Sex mit einer hypersexuellen Pflanzenmasse

Im queeren Fantasy-Spielfilm "The Wild Boys" werden fünf junge Männer, die auf einer mysteriösen Insel stranden, allesamt von Frauen gespielt. Im Interview erklärt Regisseur Bertrand Mandico warum.


Die Pflanzen auf der Insel sehen aus wie Genitalien und ihre Früchte haben ungeahnte Wirkungen… (Bild: Ecce Films)

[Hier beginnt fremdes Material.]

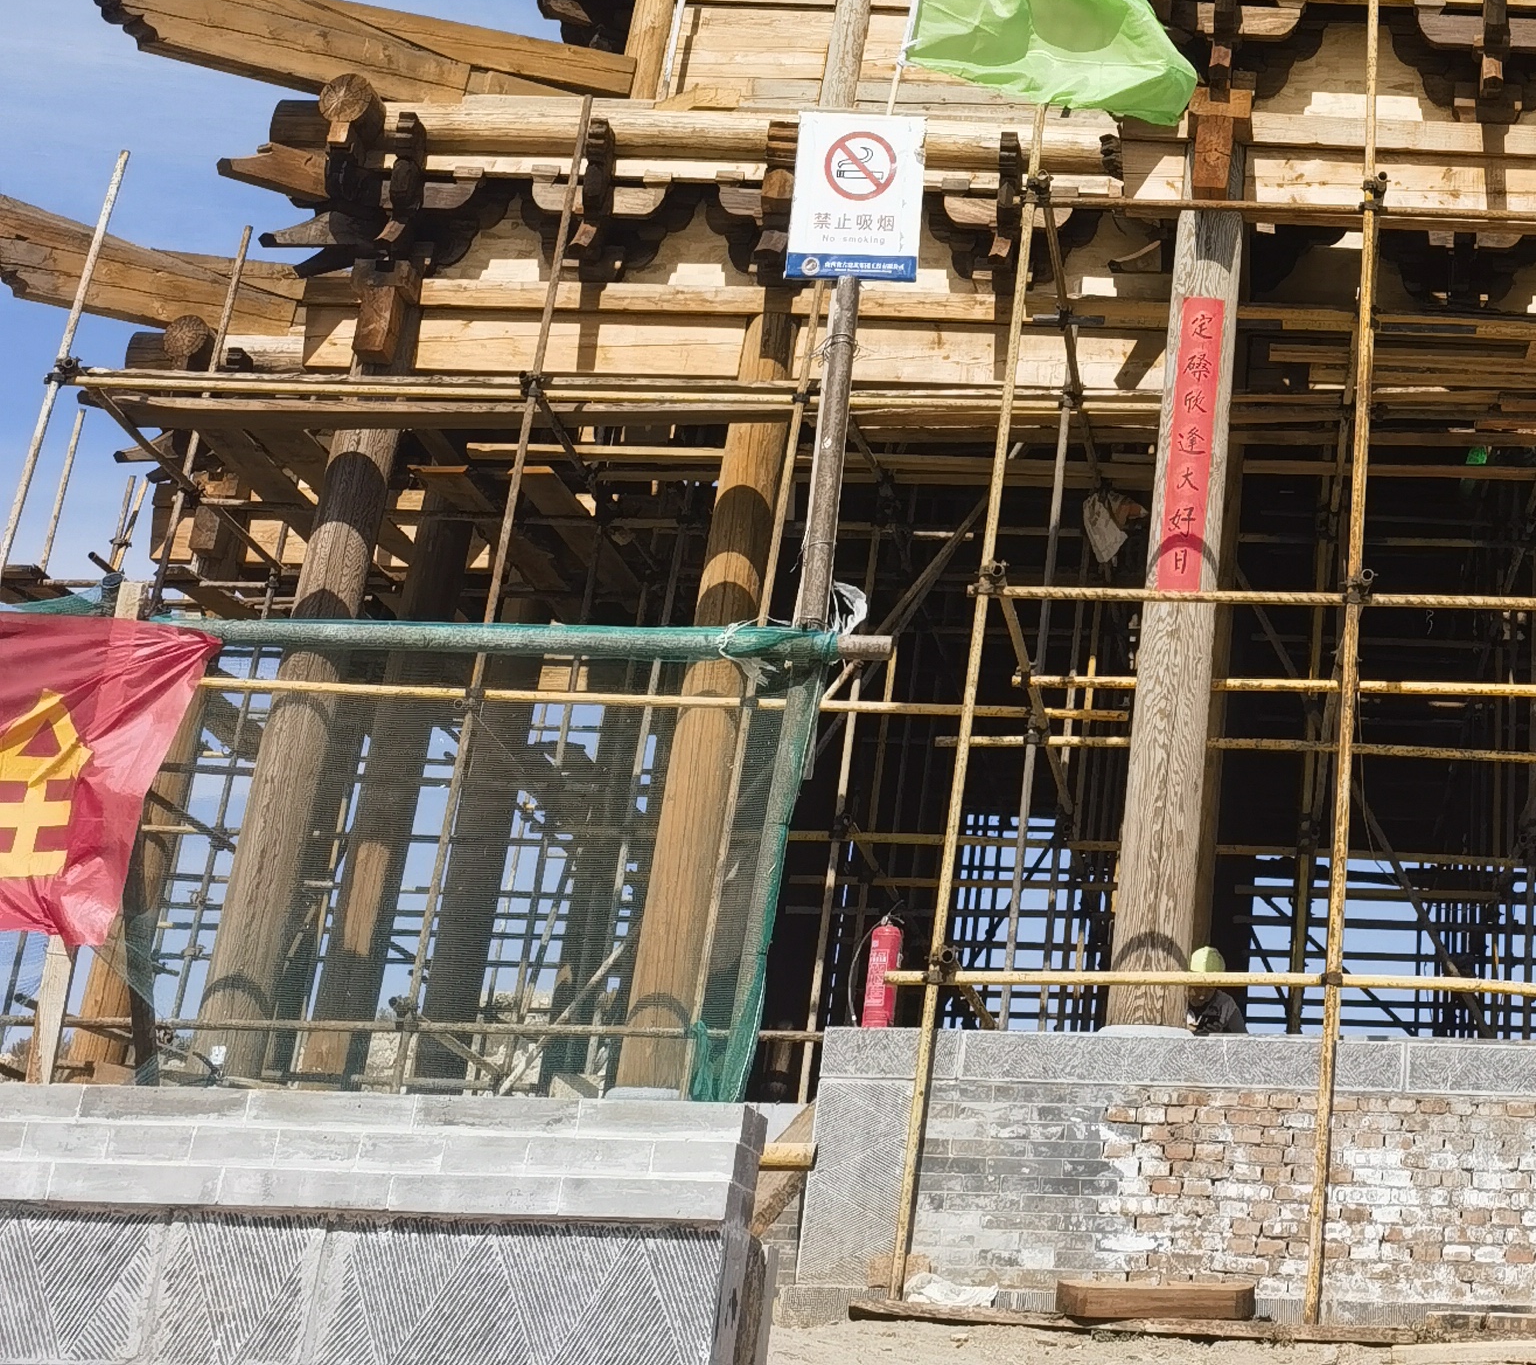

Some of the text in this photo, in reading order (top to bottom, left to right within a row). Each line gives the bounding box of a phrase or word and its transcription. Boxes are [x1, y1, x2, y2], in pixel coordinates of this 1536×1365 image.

[813, 212, 895, 232] 禁止吸烟
[822, 234, 886, 245] No smoking
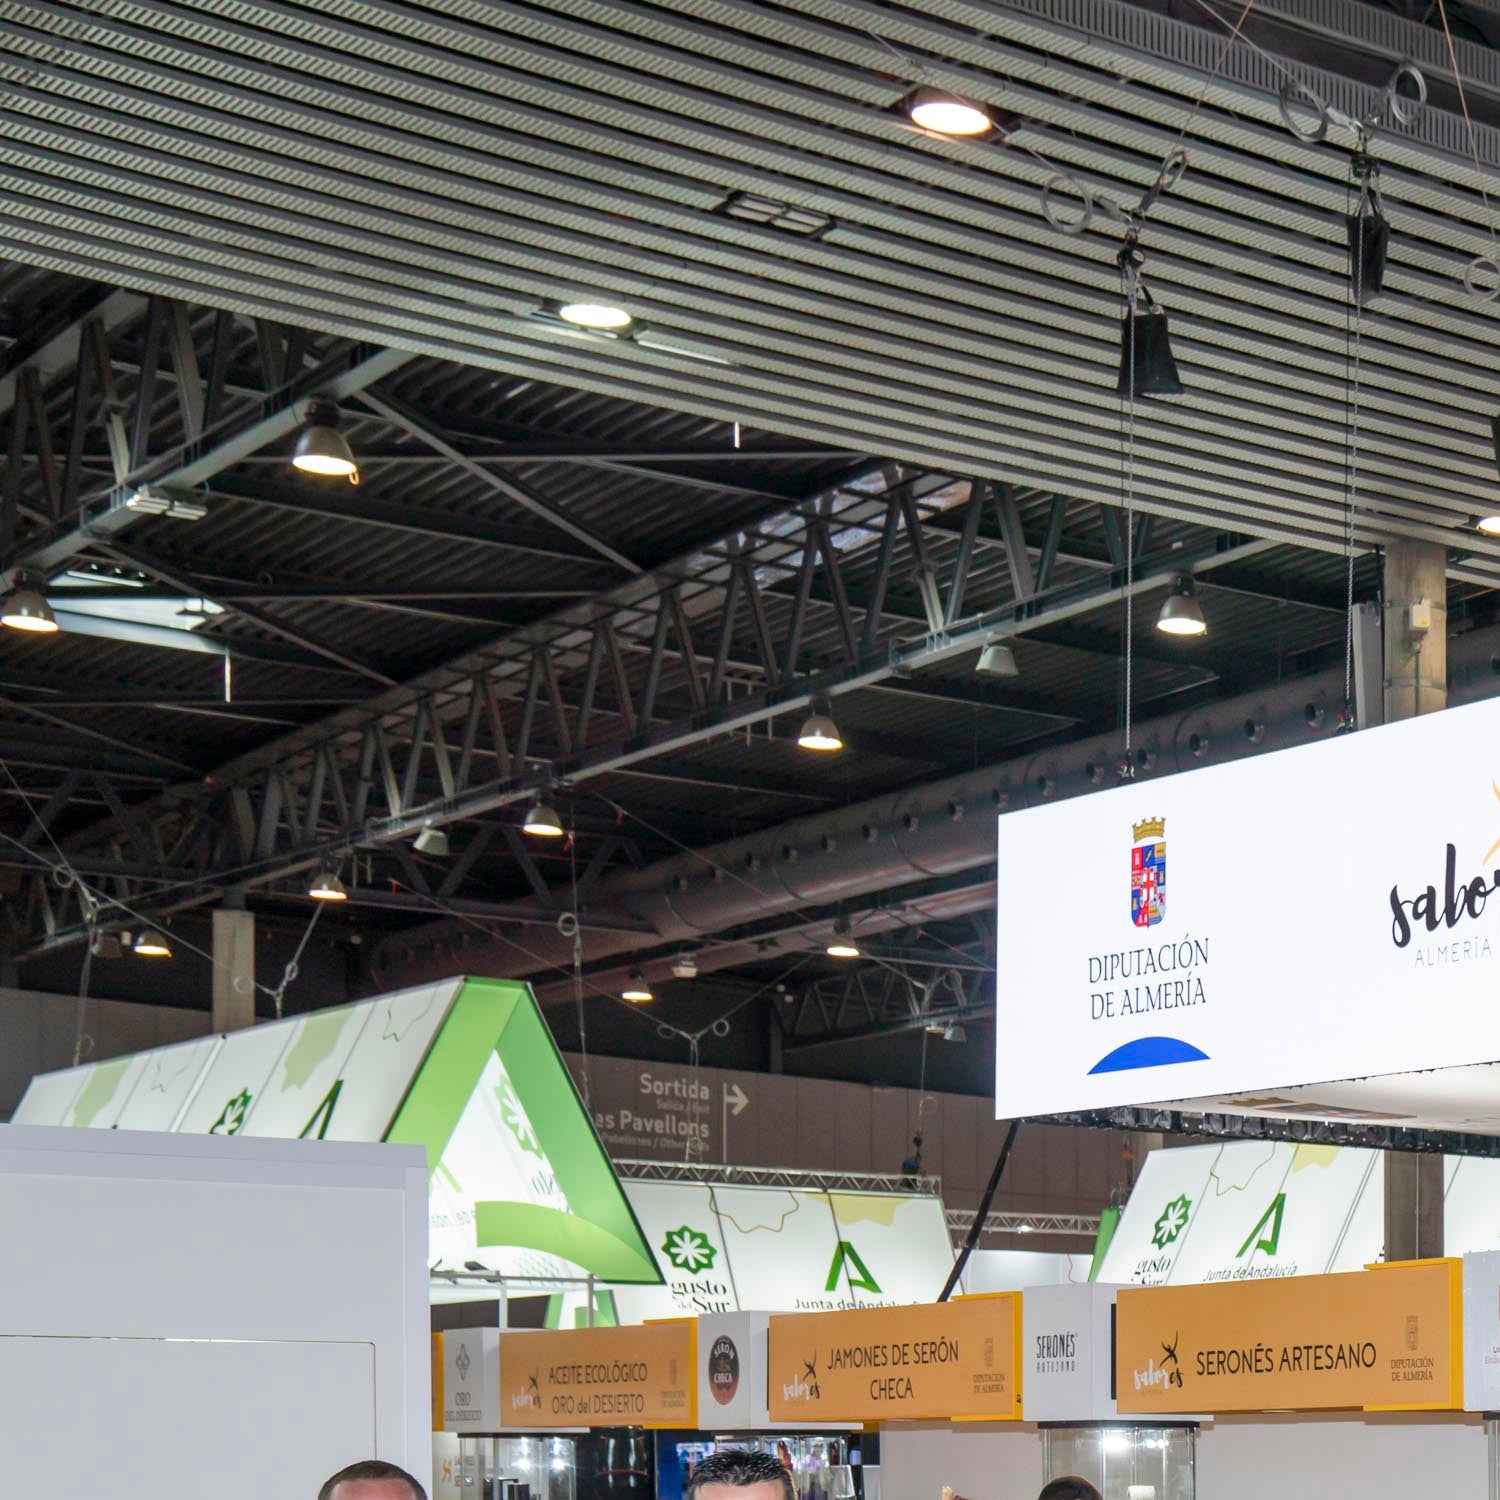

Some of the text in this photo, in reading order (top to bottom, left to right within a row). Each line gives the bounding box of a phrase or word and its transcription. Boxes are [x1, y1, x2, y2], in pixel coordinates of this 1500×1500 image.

[1087, 935, 1209, 984] DIPUTACIÓN
[1414, 936, 1492, 968] ALMERÍA
[1090, 973, 1207, 1021] DE ALMERÍA
[640, 1073, 710, 1100] Sortida
[620, 1110, 710, 1138] Pavellons
[1203, 1260, 1298, 1283] Junta de Andalucía
[671, 1279, 728, 1300] gusto
[794, 1298, 834, 1310] Junta
[826, 1336, 959, 1371] JAMONES DE SERÓN
[1036, 1332, 1075, 1359] SERONÉS
[549, 1359, 648, 1385] ACEITE ECOLÓGICO
[1197, 1342, 1377, 1376] SERONÉS ARTESANO
[1390, 1356, 1434, 1369] DIPUTACIÓN
[1392, 1370, 1433, 1382] DE ALMERÍA
[455, 1391, 471, 1406] ORO
[869, 1378, 914, 1401] CHECA
[552, 1396, 574, 1415] ORO
[577, 1397, 590, 1414] del
[593, 1393, 645, 1414] DESIERTO

Im Langfilmdebüt "The Wild Boys" des Experimentalfilmers Bertrand Mandico begehen fünf Jungs aus gutem Hause, die dem Okkulten huldigen, zu Beginn des zwanzigsten Jahrhunderts ein scheußliches Verbrechen. Daraufhin werden sie einem alten Kapitän anvertraut, der ihnen auf seinem Kahn mit harter Hand wieder Zucht und Ordnung beibringen soll. Von der Schikane zermürbt und mit den Kräften am Ende proben sie den Aufstand – und stranden auf einer Insel voller bizarrer Gewächse, von der eine mysteriöse Kraft ausgeht. Nach einiger Zeit beginnt ihr Zauber, sie zu verändern…

Im Interview spricht Mandico über sein queeres Undergroundrama, das seit Donnerstag im Kino läuft. (cw/pm)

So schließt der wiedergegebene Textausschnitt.